++++ Recorded data
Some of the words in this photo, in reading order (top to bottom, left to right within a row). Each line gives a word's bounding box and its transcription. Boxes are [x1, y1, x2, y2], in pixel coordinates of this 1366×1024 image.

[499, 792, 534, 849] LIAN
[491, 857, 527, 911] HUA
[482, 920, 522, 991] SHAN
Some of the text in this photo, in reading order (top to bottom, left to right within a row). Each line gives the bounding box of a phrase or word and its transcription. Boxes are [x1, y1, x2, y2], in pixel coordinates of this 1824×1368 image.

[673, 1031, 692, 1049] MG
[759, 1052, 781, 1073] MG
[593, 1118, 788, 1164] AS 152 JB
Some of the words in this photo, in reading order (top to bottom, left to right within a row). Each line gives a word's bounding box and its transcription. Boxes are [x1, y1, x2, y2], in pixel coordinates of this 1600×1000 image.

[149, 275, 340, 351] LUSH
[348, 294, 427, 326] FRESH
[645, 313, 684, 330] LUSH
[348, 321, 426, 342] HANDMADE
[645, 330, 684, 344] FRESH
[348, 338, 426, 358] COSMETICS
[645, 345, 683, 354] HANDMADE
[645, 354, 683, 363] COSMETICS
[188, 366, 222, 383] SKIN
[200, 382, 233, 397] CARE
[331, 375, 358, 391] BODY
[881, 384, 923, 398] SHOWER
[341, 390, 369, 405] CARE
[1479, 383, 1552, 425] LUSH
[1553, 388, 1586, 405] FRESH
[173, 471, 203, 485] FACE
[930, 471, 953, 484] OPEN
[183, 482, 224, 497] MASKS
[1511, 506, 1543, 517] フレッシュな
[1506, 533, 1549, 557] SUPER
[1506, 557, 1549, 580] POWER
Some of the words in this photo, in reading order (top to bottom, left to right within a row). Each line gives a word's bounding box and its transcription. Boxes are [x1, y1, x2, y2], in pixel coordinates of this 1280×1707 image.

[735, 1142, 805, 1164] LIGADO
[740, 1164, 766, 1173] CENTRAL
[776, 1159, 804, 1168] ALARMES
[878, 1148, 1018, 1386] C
++++++++
> What the task asks: From the line that contains "this 1600×1000 image." through the final line of the entries above, every line must be reproduced exactly and nothing more.

> Result for this exercise:
Some of the words in this photo, in reading order (top to bottom, left to right within a row). Each line gives a word's bounding box and its transcription. Boxes are [x1, y1, x2, y2], in pixel coordinates of this 1600×1000 image.

[149, 275, 340, 351] LUSH
[348, 294, 427, 326] FRESH
[645, 313, 684, 330] LUSH
[348, 321, 426, 342] HANDMADE
[645, 330, 684, 344] FRESH
[348, 338, 426, 358] COSMETICS
[645, 345, 683, 354] HANDMADE
[645, 354, 683, 363] COSMETICS
[188, 366, 222, 383] SKIN
[200, 382, 233, 397] CARE
[331, 375, 358, 391] BODY
[881, 384, 923, 398] SHOWER
[341, 390, 369, 405] CARE
[1479, 383, 1552, 425] LUSH
[1553, 388, 1586, 405] FRESH
[173, 471, 203, 485] FACE
[930, 471, 953, 484] OPEN
[183, 482, 224, 497] MASKS
[1511, 506, 1543, 517] フレッシュな
[1506, 533, 1549, 557] SUPER
[1506, 557, 1549, 580] POWER
Some of the words in this photo, in reading order (top to bottom, left to right within a row). Each line gives a word's bounding box and its transcription. Boxes are [x1, y1, x2, y2], in pixel coordinates of this 1280×1707 image.

[735, 1142, 805, 1164] LIGADO
[740, 1164, 766, 1173] CENTRAL
[776, 1159, 804, 1168] ALARMES
[878, 1148, 1018, 1386] C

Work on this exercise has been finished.